● Task item:
Everything in the data below except the pictures must be repeated word for word.

● Records for the task:
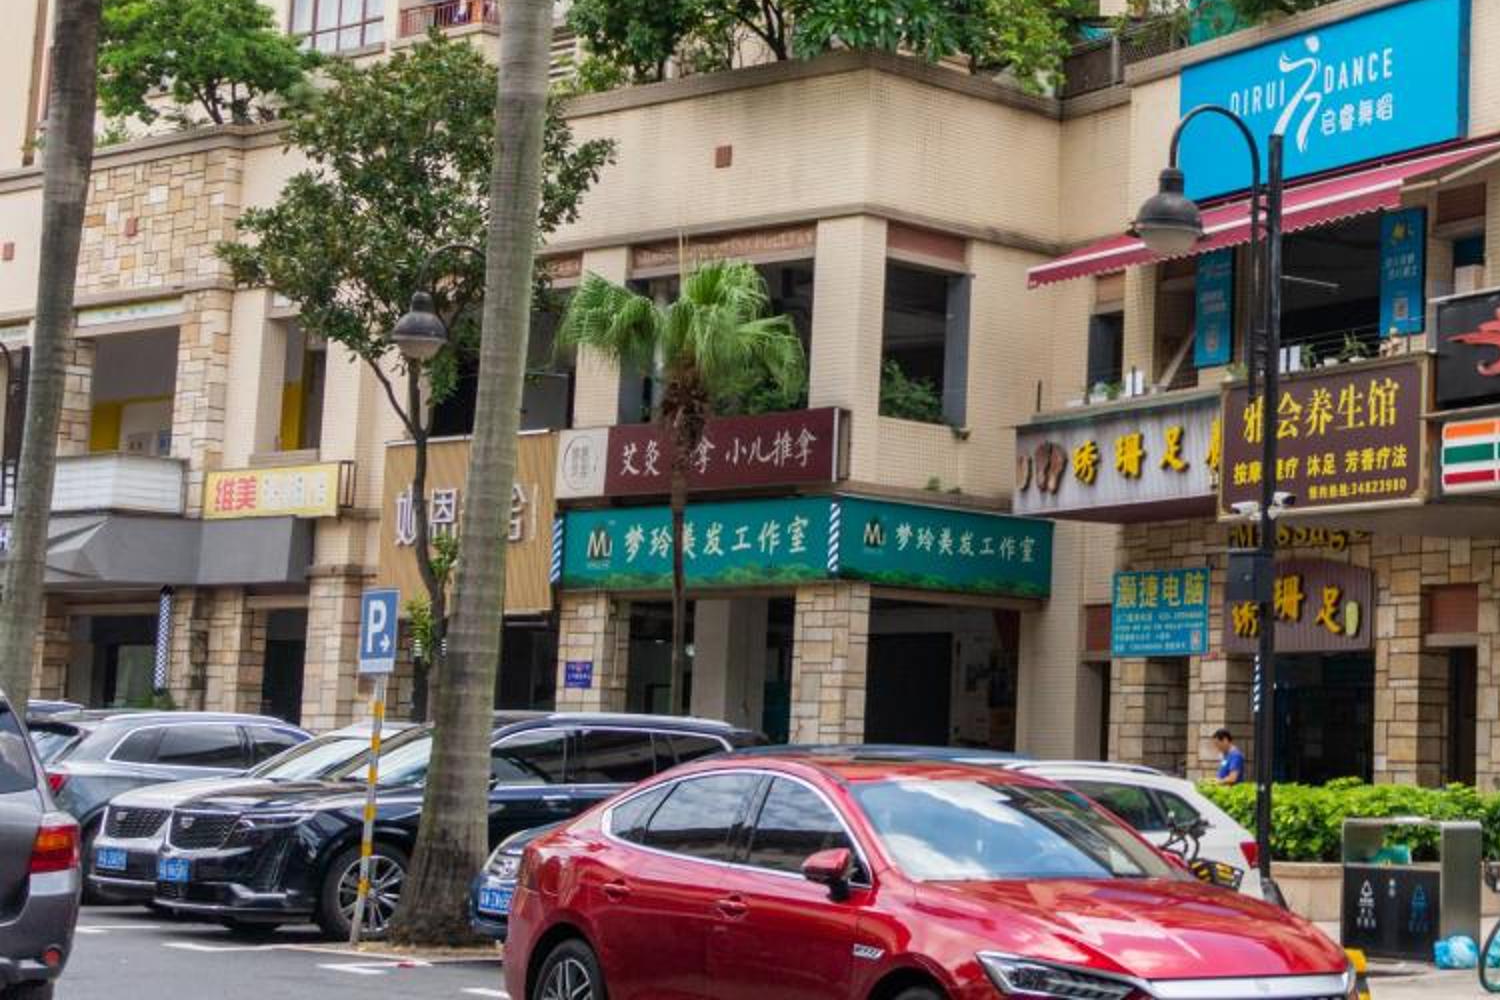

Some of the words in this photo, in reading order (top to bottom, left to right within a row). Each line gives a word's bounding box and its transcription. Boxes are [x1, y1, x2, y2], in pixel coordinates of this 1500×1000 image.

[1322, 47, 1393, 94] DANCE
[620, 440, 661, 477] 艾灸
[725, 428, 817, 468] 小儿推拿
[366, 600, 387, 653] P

● Task solution:
Some of the words in this photo, in reading order (top to bottom, left to right within a row). Each line gives a word's bounding box and its transcription. Boxes are [x1, y1, x2, y2], in pixel coordinates of this 1500×1000 image.

[1322, 47, 1393, 94] DANCE
[620, 440, 661, 477] 艾灸
[725, 428, 817, 468] 小儿推拿
[366, 600, 387, 653] P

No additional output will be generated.